WHAT THE TASK ASKS
Without the pictures, repeat all of the data exactly as it appears below.

_ _ _ _ _

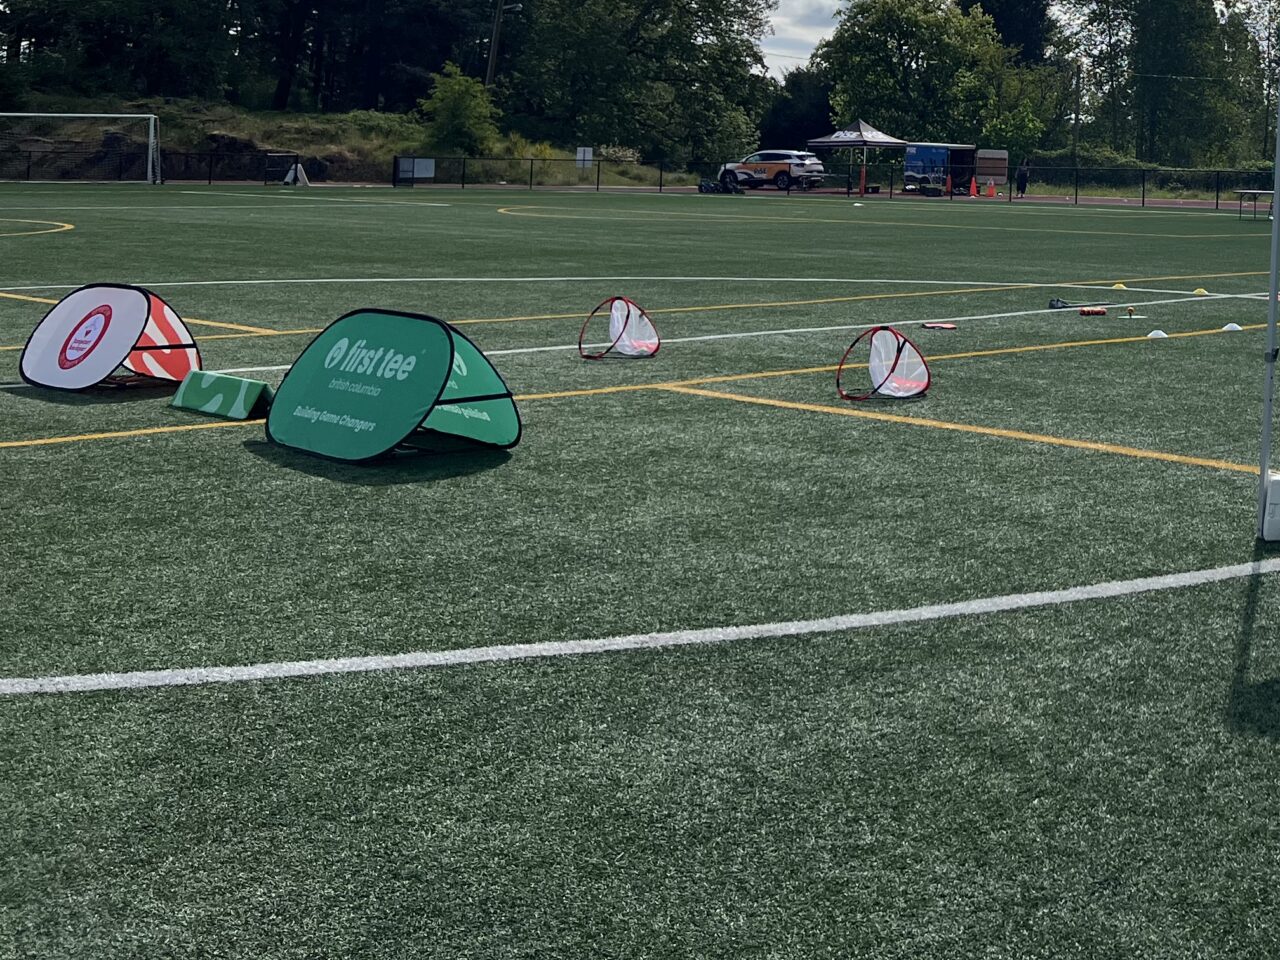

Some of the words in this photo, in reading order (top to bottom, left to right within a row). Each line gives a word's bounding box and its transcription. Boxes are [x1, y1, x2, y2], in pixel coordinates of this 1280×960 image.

[338, 339, 385, 376] first
[376, 348, 417, 380] tee
[293, 405, 321, 423] Building
[319, 410, 341, 424] Game
[340, 414, 377, 432] Changers

_ _ _ _ _

EXPECTED ANSWER
Some of the words in this photo, in reading order (top to bottom, left to right within a row). Each line gives a word's bounding box and its transcription. Boxes are [x1, y1, x2, y2], in pixel coordinates of this 1280×960 image.

[338, 339, 385, 376] first
[376, 348, 417, 380] tee
[293, 405, 321, 423] Building
[319, 410, 341, 424] Game
[340, 414, 377, 432] Changers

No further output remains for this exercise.